**Extracted entries**.

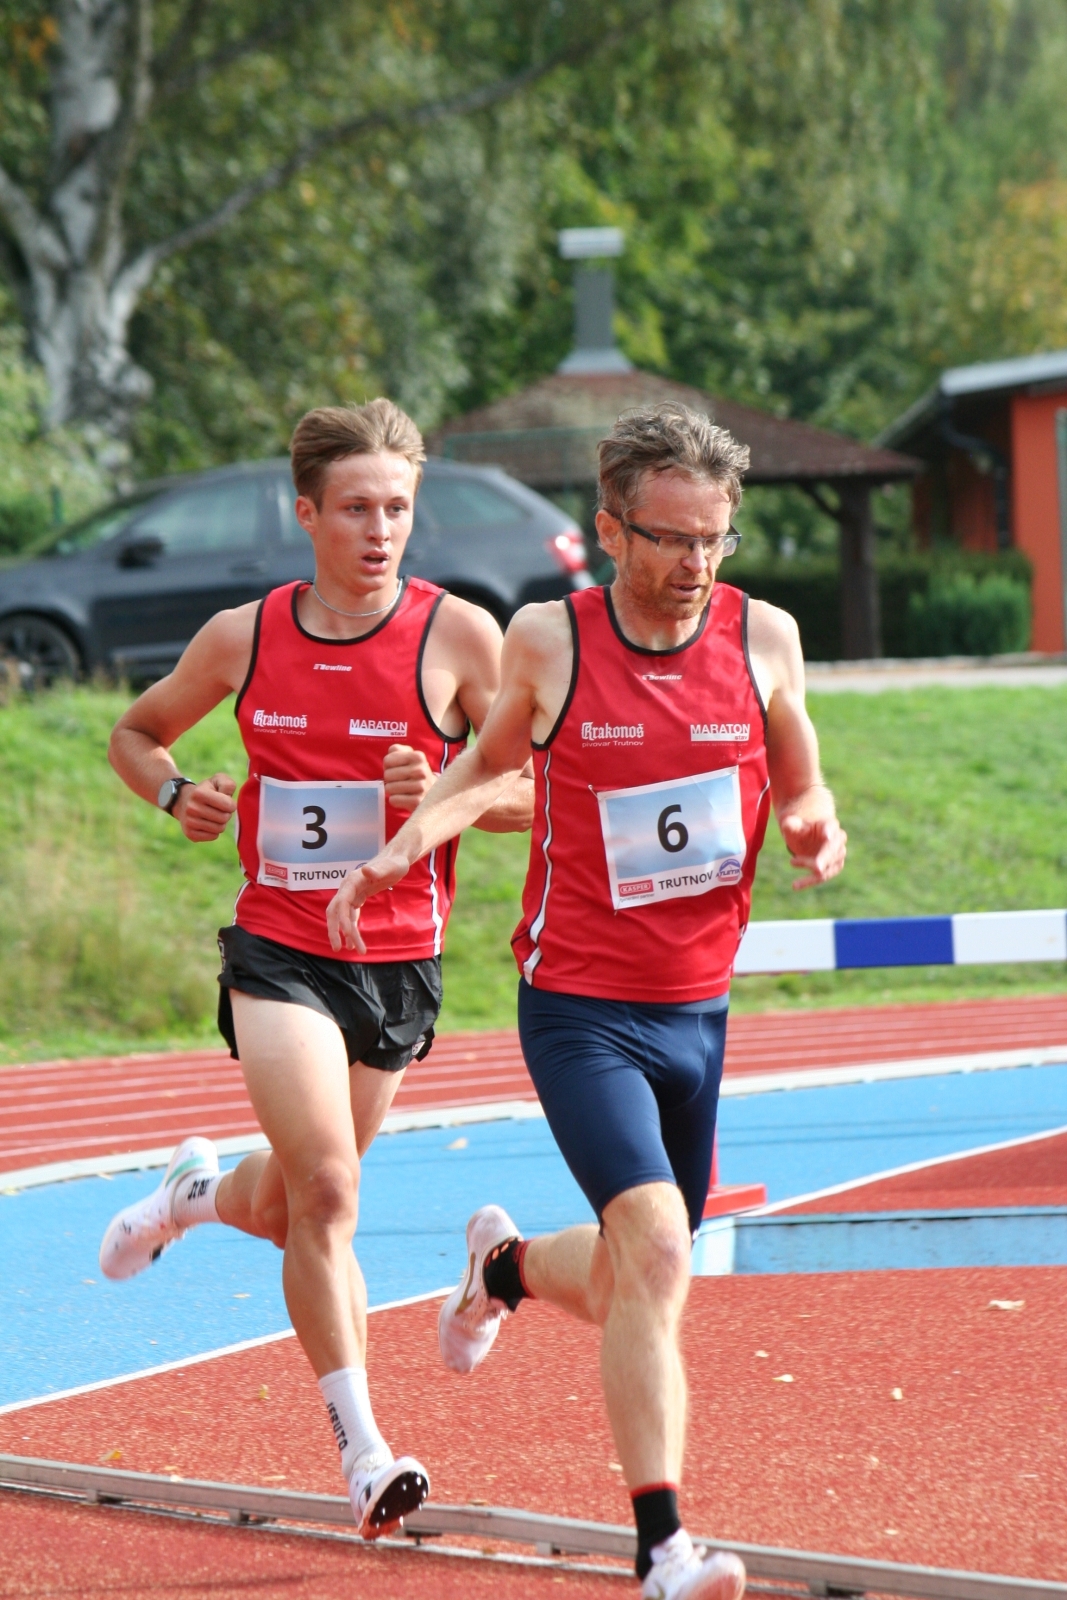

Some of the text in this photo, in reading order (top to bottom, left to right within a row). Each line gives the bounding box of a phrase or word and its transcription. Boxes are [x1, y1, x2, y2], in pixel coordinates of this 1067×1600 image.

[253, 709, 307, 729] Krakonoš
[349, 718, 407, 731] MARATON
[279, 728, 306, 736] Trutnov
[581, 722, 644, 741] Krakonoš
[690, 723, 751, 735] MARATON
[302, 805, 328, 850] 3
[658, 804, 688, 852] 6
[292, 869, 347, 881] TRUTNOV
[658, 870, 714, 891] TRUTNOV
[621, 884, 648, 893] KASPER

**Assigned task**. Copy the data word for word and omit every picture.

**Answer section**.
Some of the text in this photo, in reading order (top to bottom, left to right within a row). Each line gives the bounding box of a phrase or word and its transcription. Boxes are [x1, y1, x2, y2], in pixel coordinates of this 1067×1600 image.

[253, 709, 307, 729] Krakonoš
[349, 718, 407, 731] MARATON
[279, 728, 306, 736] Trutnov
[581, 722, 644, 741] Krakonoš
[690, 723, 751, 735] MARATON
[302, 805, 328, 850] 3
[658, 804, 688, 852] 6
[292, 869, 347, 881] TRUTNOV
[658, 870, 714, 891] TRUTNOV
[621, 884, 648, 893] KASPER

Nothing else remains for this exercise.